Calving times varies from operation to operation, although a popular option is calving in the winter (January to March) because it does not interfere with planting or harvesting seasons. Organization and a steady AI or breeding program are essential to have a successful and reasonably short calving season.
Pregnant cows that are near giving birth should be moved to a location near a calving barn or area where they can calve easily when needed. Cows should be checked every couple hours to see if they are in labor. Once it is noticed they are in labor, typically restless behavior, and tail outstretched behind her are early signs, she gets moved into a pen or area where she can give birth. Frequent and continual checks will need to be made to see how birth is progressing and if the cow or calf needs additional assistance.
The act of labor and delivery combined averages about less than 8 hours. The birthing process is broken down into 3 stages. The first is the prepatory stage, where light contractions start and the body opens up to help move the calf down the birth canal. The second stage is delivery, with full on contractions, straining, and hopefully a successful birth. The third stage is cleaning the calf, and passing the afterbirth.

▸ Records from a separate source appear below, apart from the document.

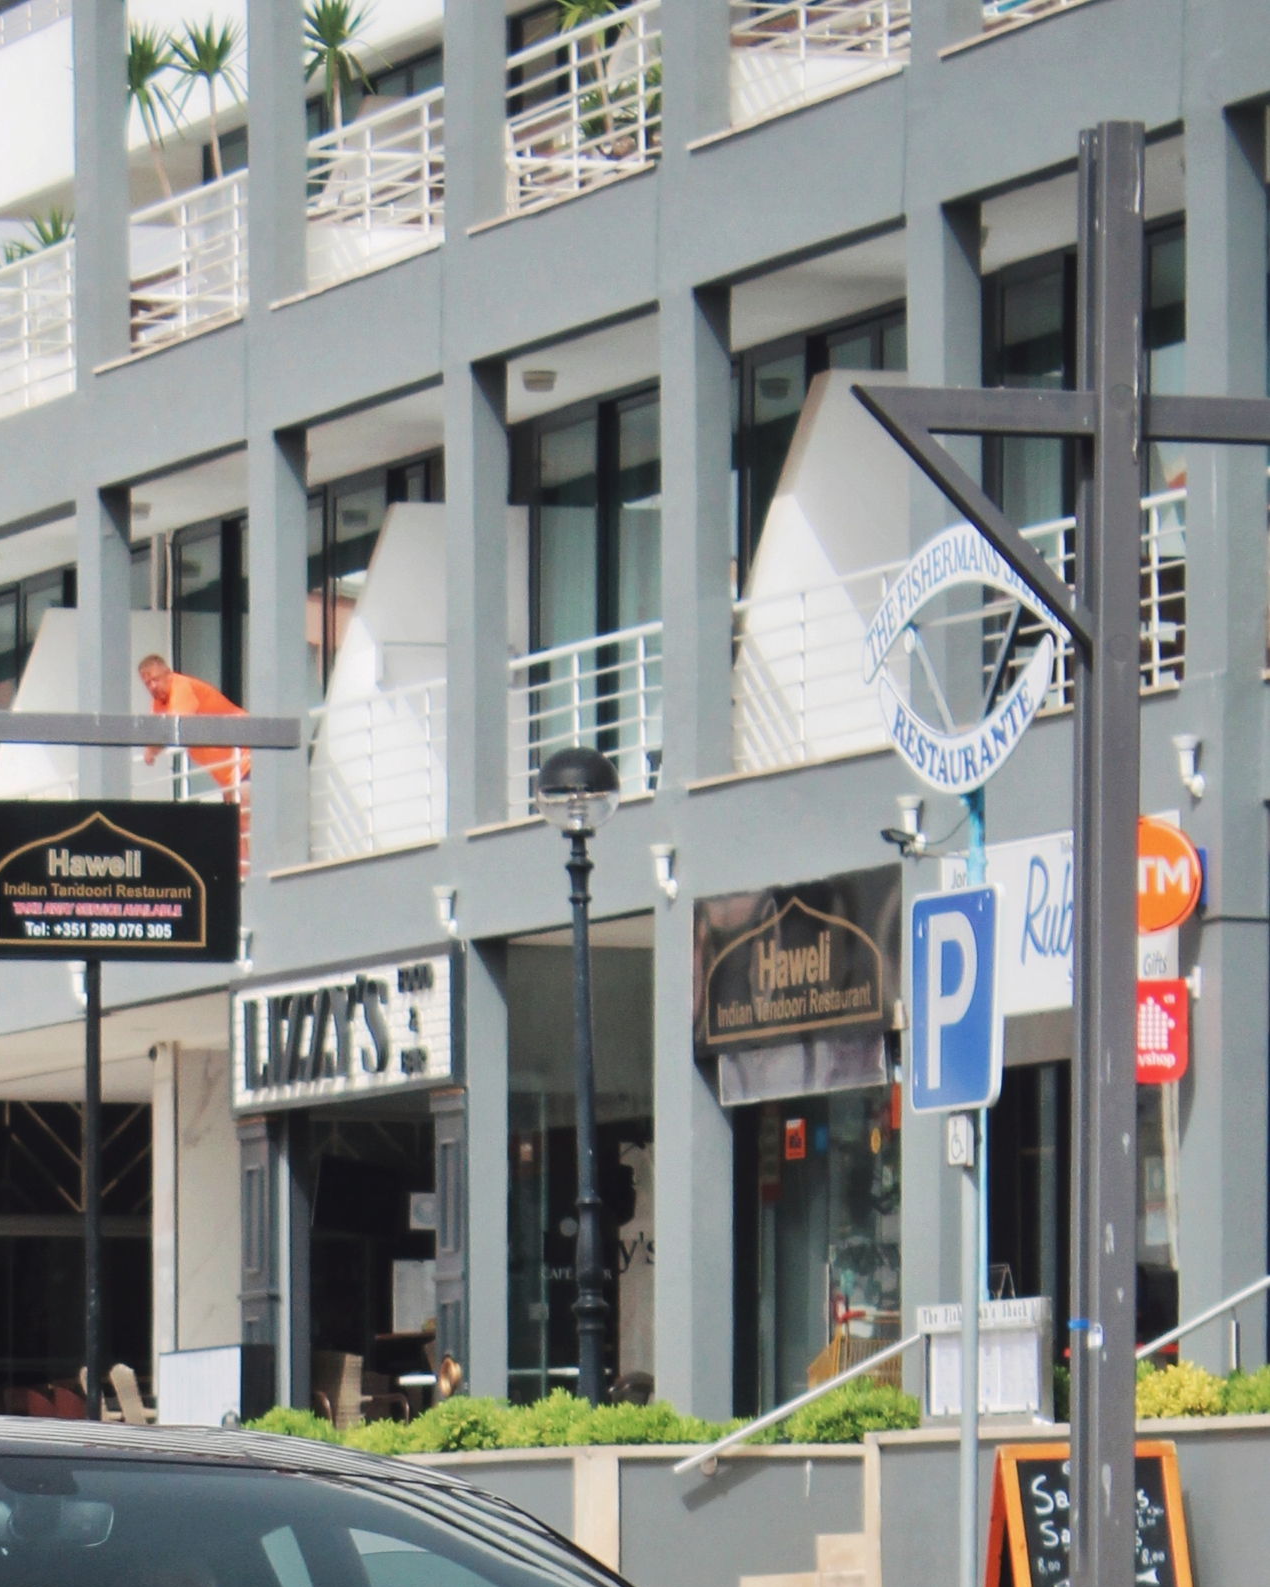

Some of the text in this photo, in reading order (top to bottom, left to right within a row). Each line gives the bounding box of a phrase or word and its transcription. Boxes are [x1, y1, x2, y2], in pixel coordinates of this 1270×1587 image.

[867, 603, 899, 666] THE
[892, 679, 1035, 785] RESTAURANTE
[48, 848, 142, 878] Haweli
[1138, 856, 1191, 895] TM
[4, 882, 191, 899] Indian Tandoori Restaurant
[24, 921, 172, 939] Tel: +351 289 076 305
[757, 930, 831, 991] Haweli
[717, 981, 872, 1028] Indian Tandoori Restaurant
[926, 911, 978, 1090] P
[1138, 1051, 1176, 1069] yshop
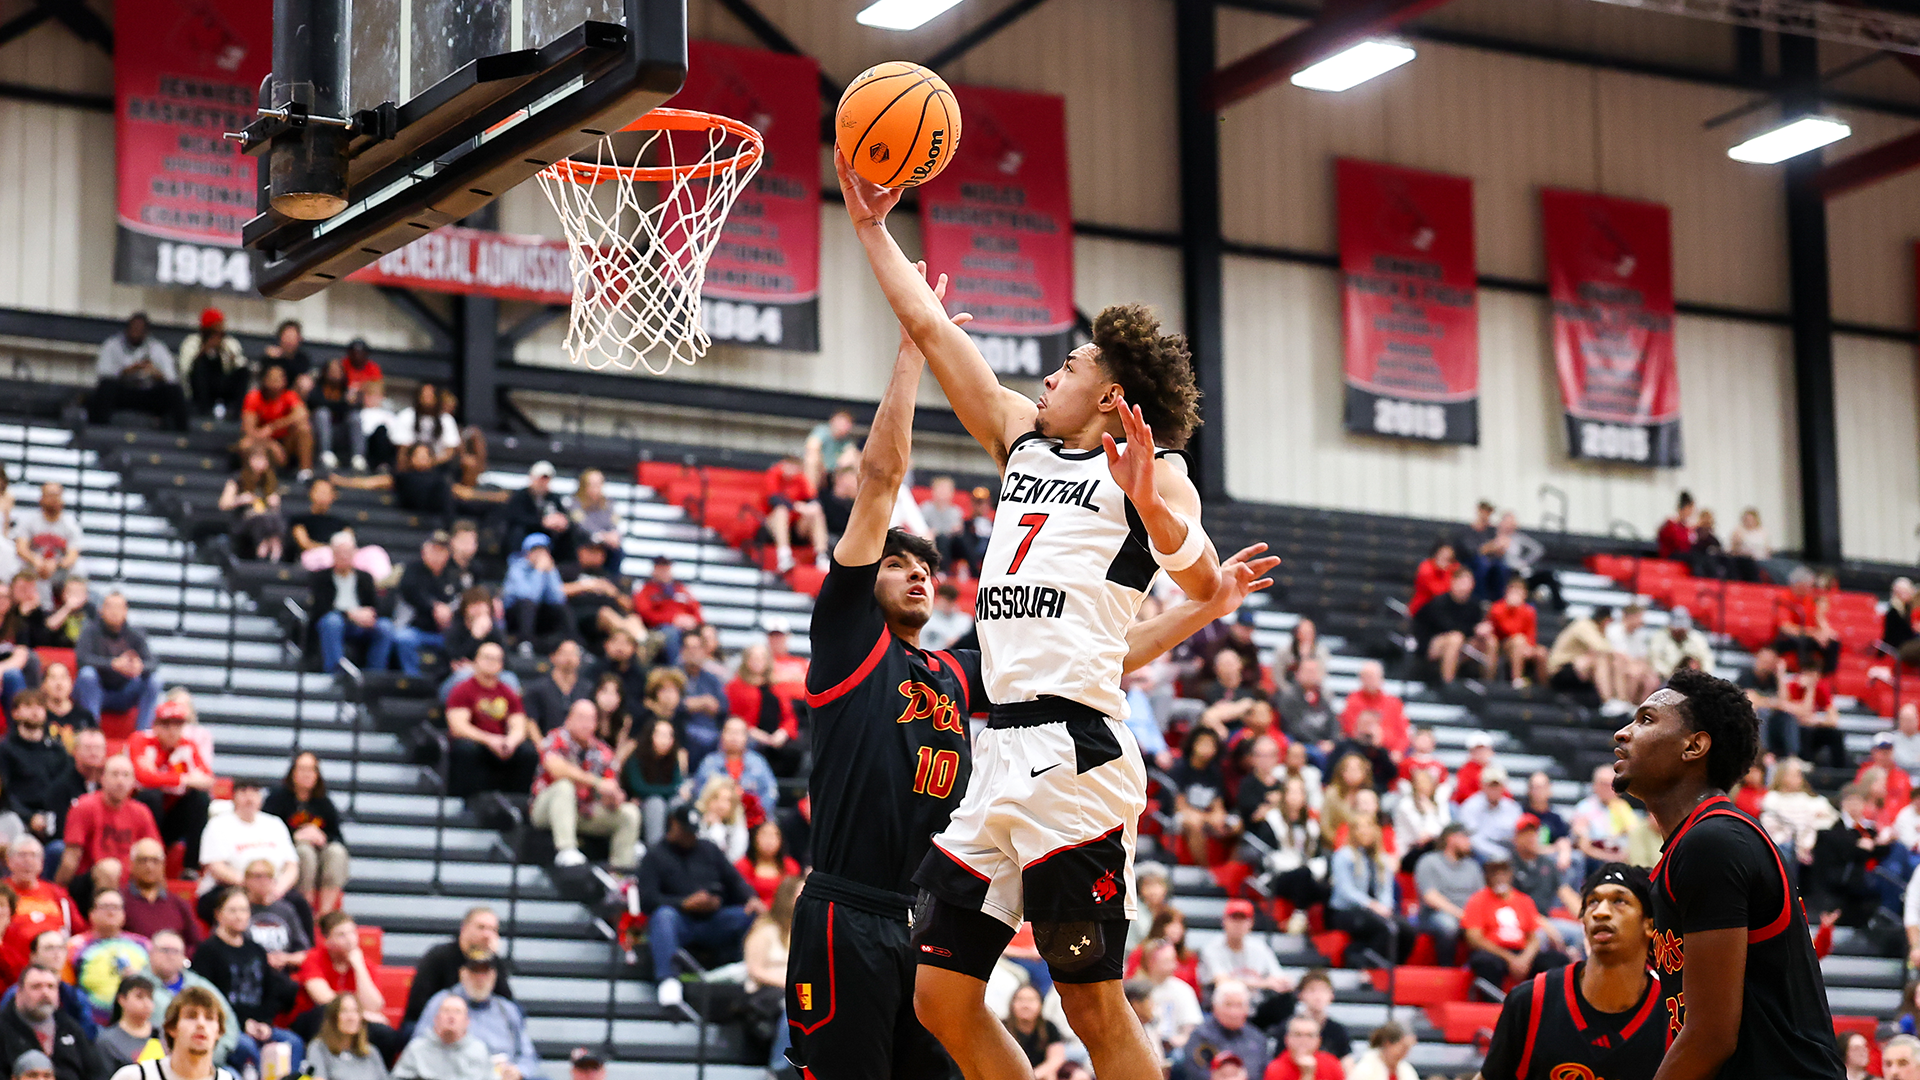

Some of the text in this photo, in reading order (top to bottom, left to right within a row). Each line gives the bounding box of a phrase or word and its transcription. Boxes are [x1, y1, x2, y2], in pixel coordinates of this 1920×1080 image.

Calves typically come out front feet first, and average around 70 lbs. If calves are bigger, or try to come another direction, there could be issues. Sometimes calves need to be manually turned using an obstetric chain. In some cases, a calf puller is needed to assist getting the calf out. Keep your veterinarian’s phone number on speed dial in case there are issues where medical assistance are needed.
After it’s born, the calf needs to be cleaned immediately by its mother. This not only stimulates the calf to breath and gets blood circulating, but it removes excess moisture to help them regulate temperature. Keep an eye on the new family after the calf is born to make sure the mother recognizes and accepts the calf. In winter months especially, it is important to make sure calves have a warm and dry place to bed down. Calves should suckle their mother within a couple hours of birth to get the colostrum that will help fortify them with protein, vitamins, and antibodies to help them grow strong.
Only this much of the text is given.